Often, “rag balls” form inside the collection system pipes. This is caused by small fibrous materials that re-knit to create much larger formations.

In this geographic area, there are many homes with on-site septic tanks. When the septic tanks reach a certain level, they must be pumped out. That fluid is difficult for standard sewage pumps to deal with. It has an unusually high percentage of abrasive solids (sand) when compared to sanitary waste streams in wastewater collection systems.

sludge on pumpImage 4. Excessive sludge, rocks and rags are no problem for the upgraded pumping system at the VFSA, thanks to the clog-free, maintenance-free submersible pumps with vortex impellers.

The fluid also generally has fabric and other undesirable materials that are prone to plug pumps. In this instance, based on operating feedback from the plant operations personnel, and in conjunction with the consulting engineer, a supplier recommended a special hardened alloy material for the impeller and pump volute. The net result of an application-specific (wastewater) pump selection is that the end user experiences uncommon reliability.

The standard mechanical seal for all of the manufacturer’s non-clog pumps is silicon carbide, which offers significant longevity advantages. Silicon carbide is an extremely abrasion resistant material, and also dissipates heat better than most other seal face materials, which further enhances longevity before required maintenance.

Additionally, the conservative shaft design with larger bearings reduces the frequency of premature and unscheduled maintenance due to negligible shaft deflection, even at high operating pressures.

The pumps at Valley Forge feature a hardened alloy vortex impeller, which offers longevity and suffers little wear. This increases the anticipated life cycle of the impeller and the pump. The large recessed impeller passage handles heavy materials, including rags and wipes, without any need to cut the materials into smaller pieces.

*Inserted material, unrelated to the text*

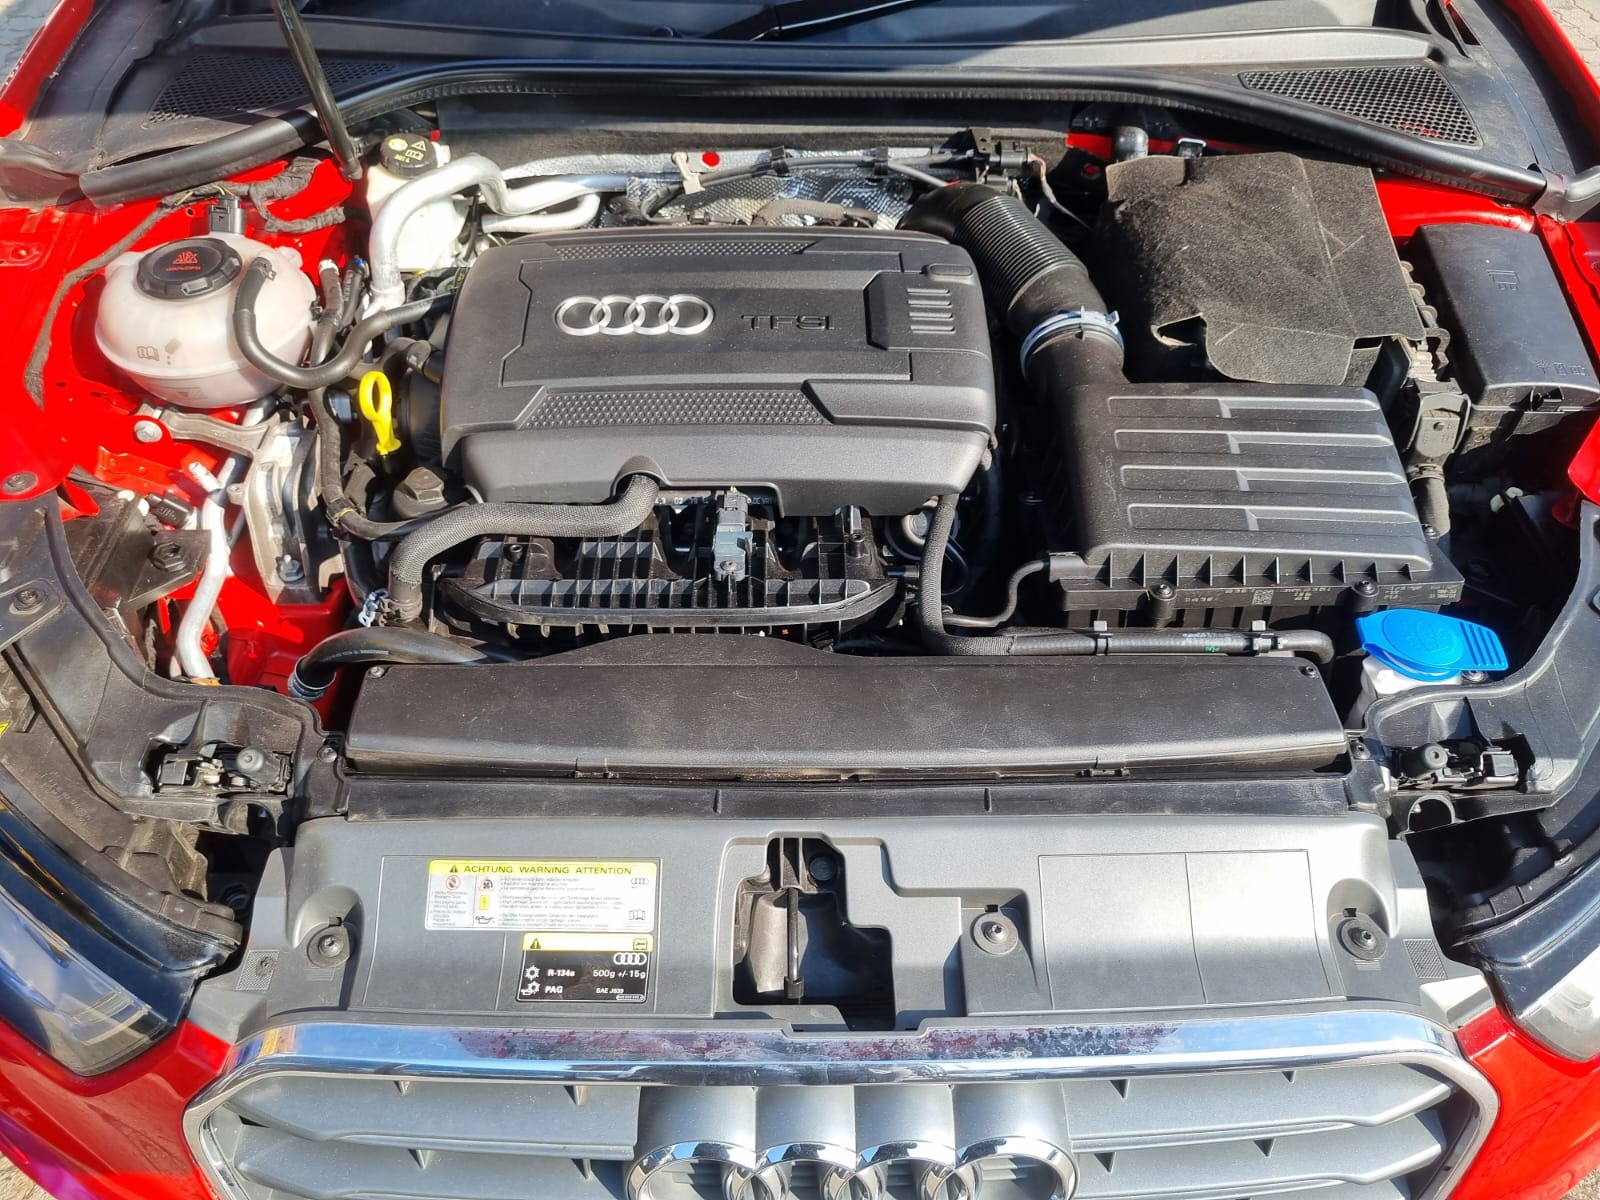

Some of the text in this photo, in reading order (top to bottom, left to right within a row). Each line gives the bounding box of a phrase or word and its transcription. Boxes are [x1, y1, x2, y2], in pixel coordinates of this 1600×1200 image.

The pumps at Valley Forge have created a clog-free, worry-free environment for the operators, requiring limited preventive maintenace. The Valley Forge septage hauling truck drivers are happy since they are no longer inconvenienced by unexpected delays offloading their trucks. It’s a great example of how technology solves challenging hydraulic problems for treatment plant and collection systems operations personnel.